> **EXERCISE BRIEF**
All entries below are to be reproduced precisely as they stand, without the pictures.
─── TASK DATA ───
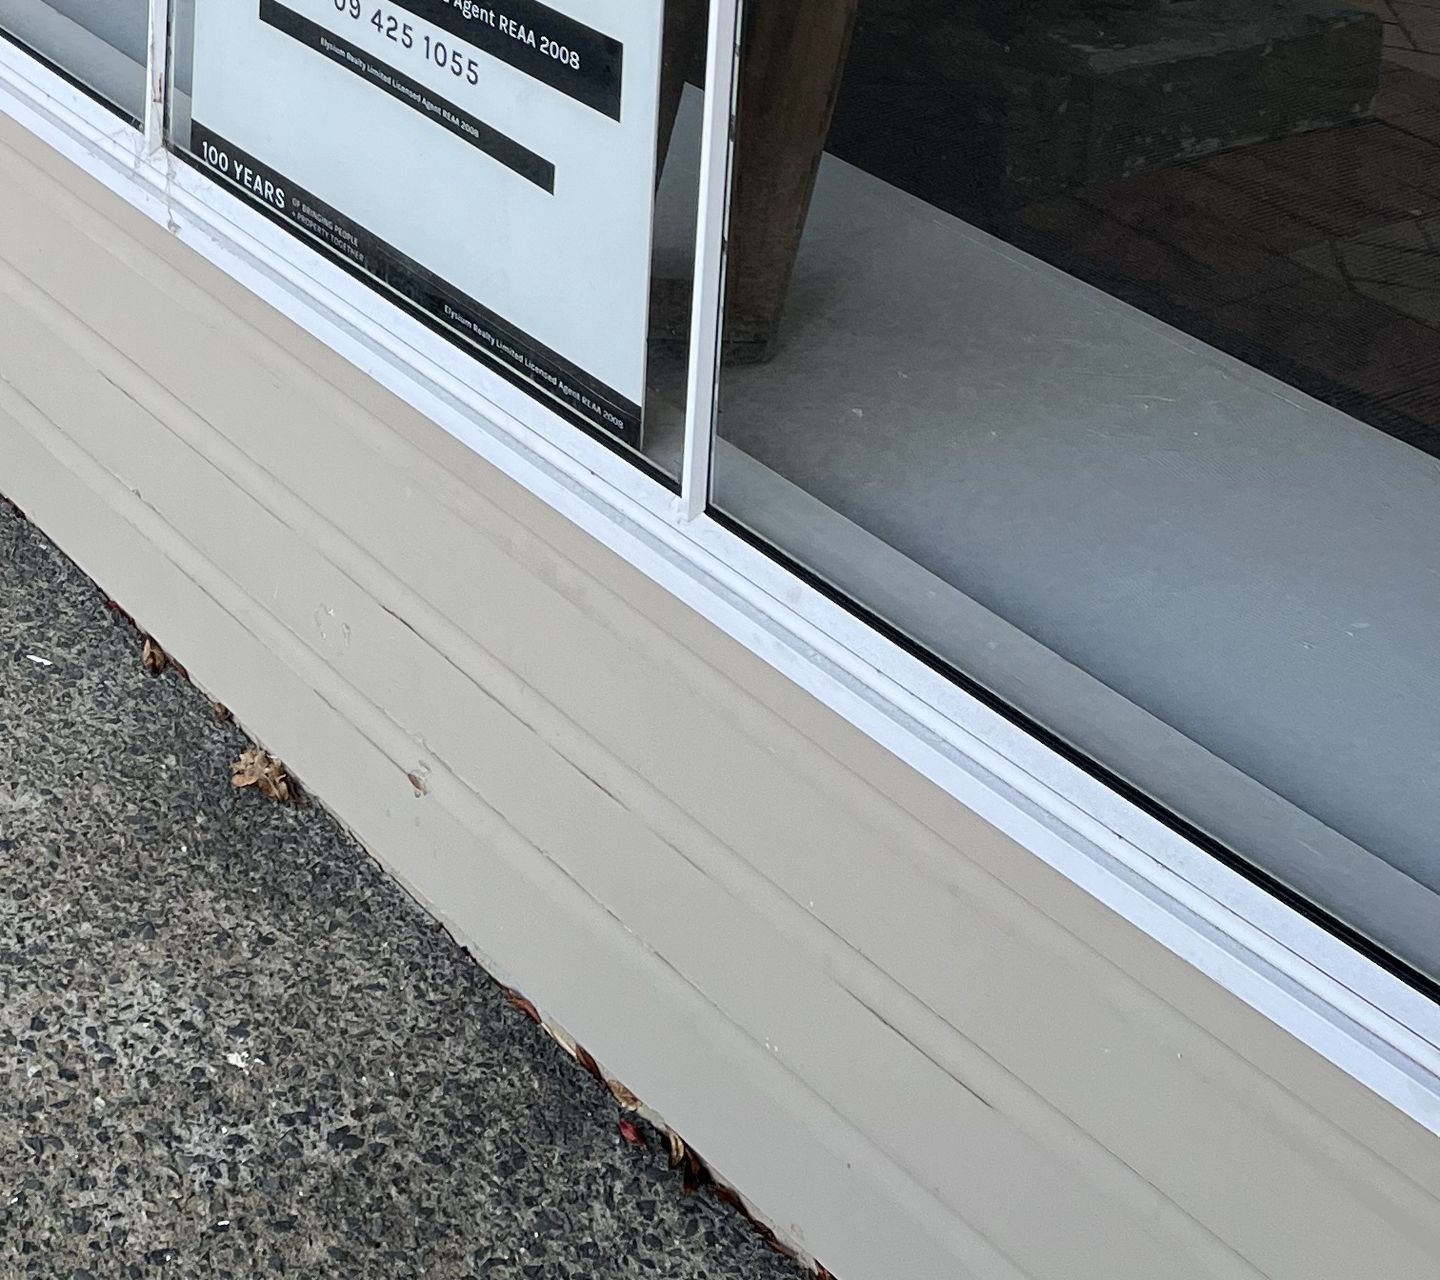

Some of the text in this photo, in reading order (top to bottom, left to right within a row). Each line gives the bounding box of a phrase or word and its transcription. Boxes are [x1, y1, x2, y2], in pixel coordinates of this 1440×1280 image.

[370, 8, 414, 49] 425
[424, 35, 479, 86] 1055
[499, 14, 536, 49] REAA
[539, 36, 581, 70] 2008
[320, 36, 480, 138] Elysium Realty Limited Licensed Agent REAA 2008
[202, 141, 286, 209] 100 YEARS
[291, 197, 359, 247] OF BRINGING PEOPLE
[296, 212, 330, 239] PROPERTY
[330, 233, 365, 261] TOGETHER
[444, 304, 625, 430] Elysium Realty Limited Licensed Agent REAA 2008
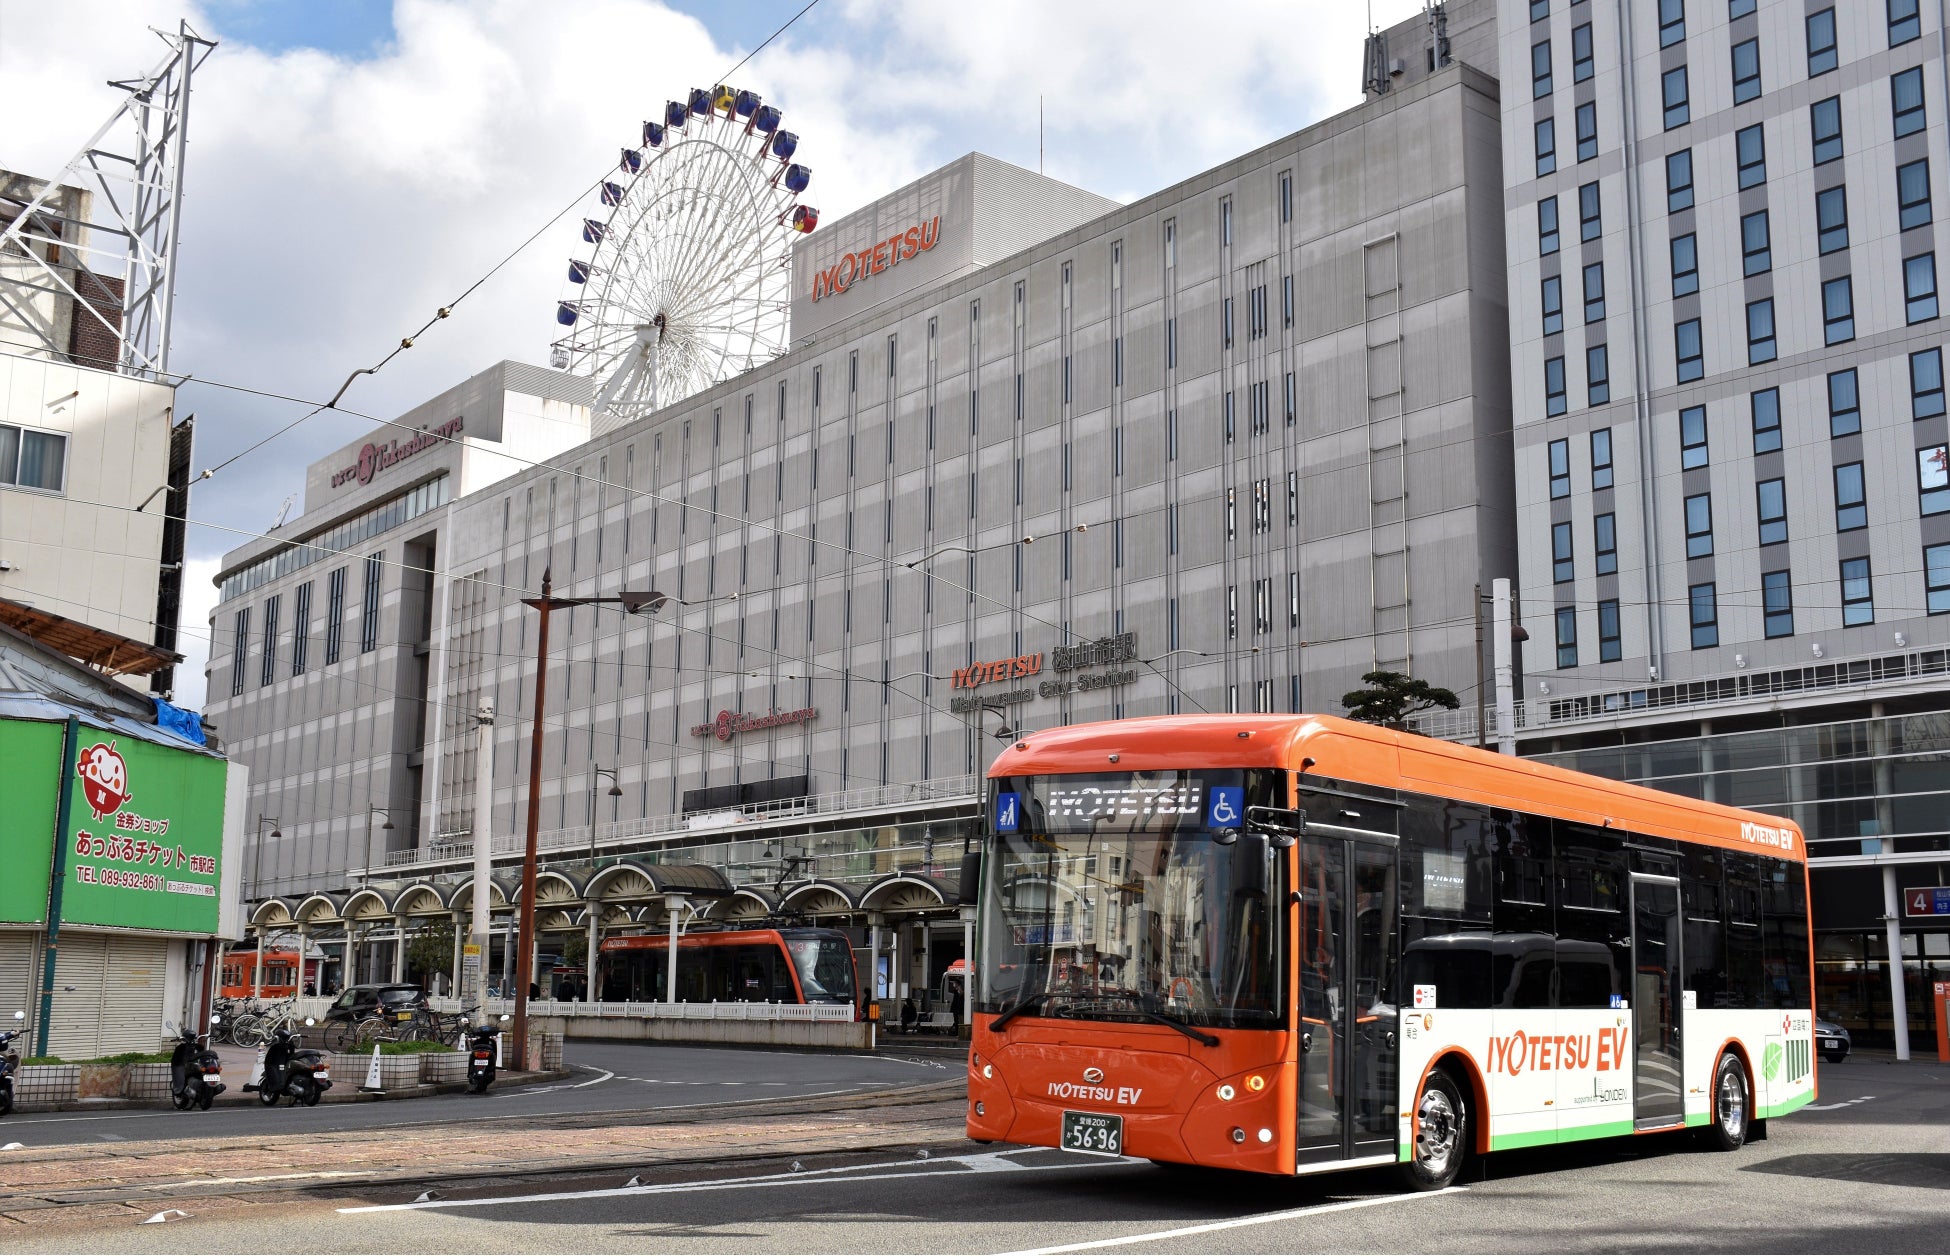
───
> **COMPLETED EXERCISE**
Some of the text in this photo, in reading order (top to bottom, left to right within a row). Each line gives the bounding box of a phrase or word and its transcription. Boxes are [x1, y1, x2, y2], in pixel coordinates of this 1440×1280 image.

[370, 8, 414, 49] 425
[424, 35, 479, 86] 1055
[499, 14, 536, 49] REAA
[539, 36, 581, 70] 2008
[320, 36, 480, 138] Elysium Realty Limited Licensed Agent REAA 2008
[202, 141, 286, 209] 100 YEARS
[291, 197, 359, 247] OF BRINGING PEOPLE
[296, 212, 330, 239] PROPERTY
[330, 233, 365, 261] TOGETHER
[444, 304, 625, 430] Elysium Realty Limited Licensed Agent REAA 2008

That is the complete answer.